#### Your task
In your reply, repeat every entry exactly and skip over each picture.

#### Dataset entries
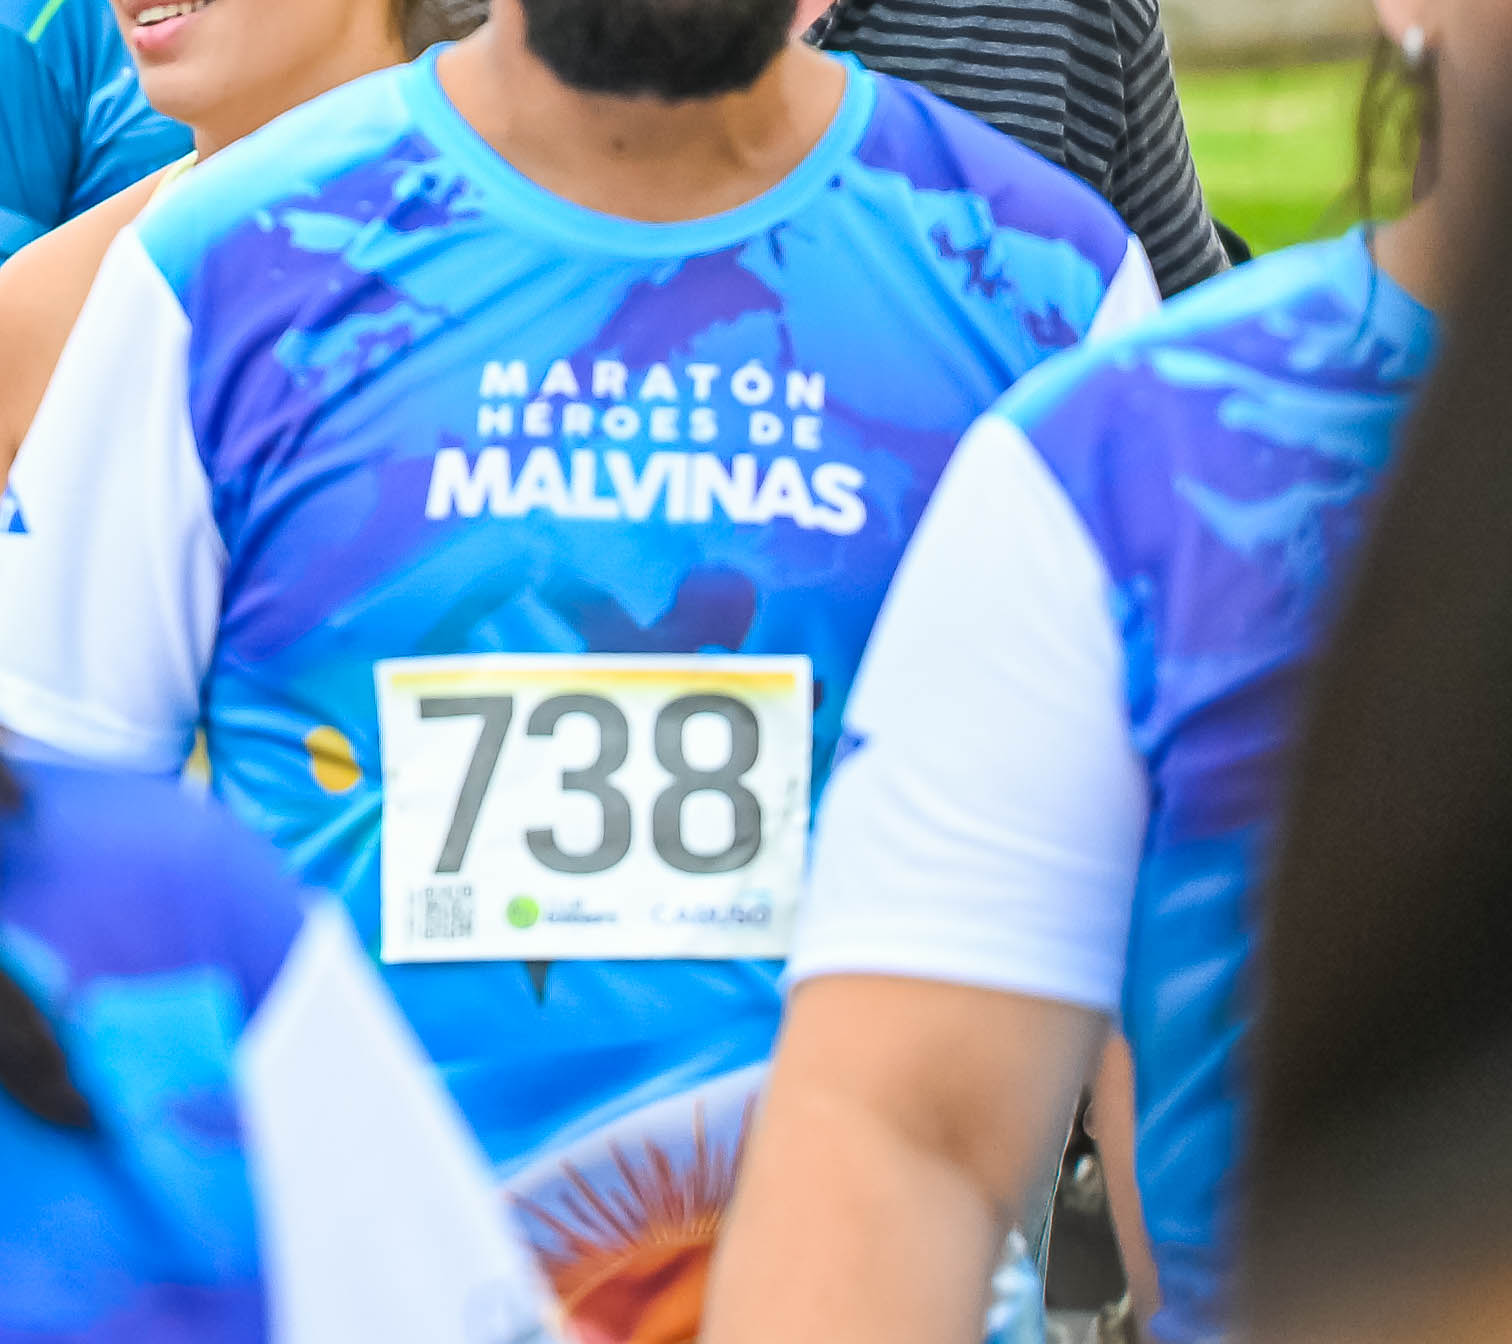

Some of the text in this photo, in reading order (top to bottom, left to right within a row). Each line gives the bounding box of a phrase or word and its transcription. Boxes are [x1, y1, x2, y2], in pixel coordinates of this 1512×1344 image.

[478, 357, 826, 411] MARATÓN
[476, 396, 824, 452] HÉROES DE
[424, 445, 868, 537] MALVINAS
[420, 693, 762, 874] 738

#### Written answer
Some of the text in this photo, in reading order (top to bottom, left to right within a row). Each line gives the bounding box of a phrase or word and its transcription. Boxes are [x1, y1, x2, y2], in pixel coordinates of this 1512×1344 image.

[478, 357, 826, 411] MARATÓN
[476, 396, 824, 452] HÉROES DE
[424, 445, 868, 537] MALVINAS
[420, 693, 762, 874] 738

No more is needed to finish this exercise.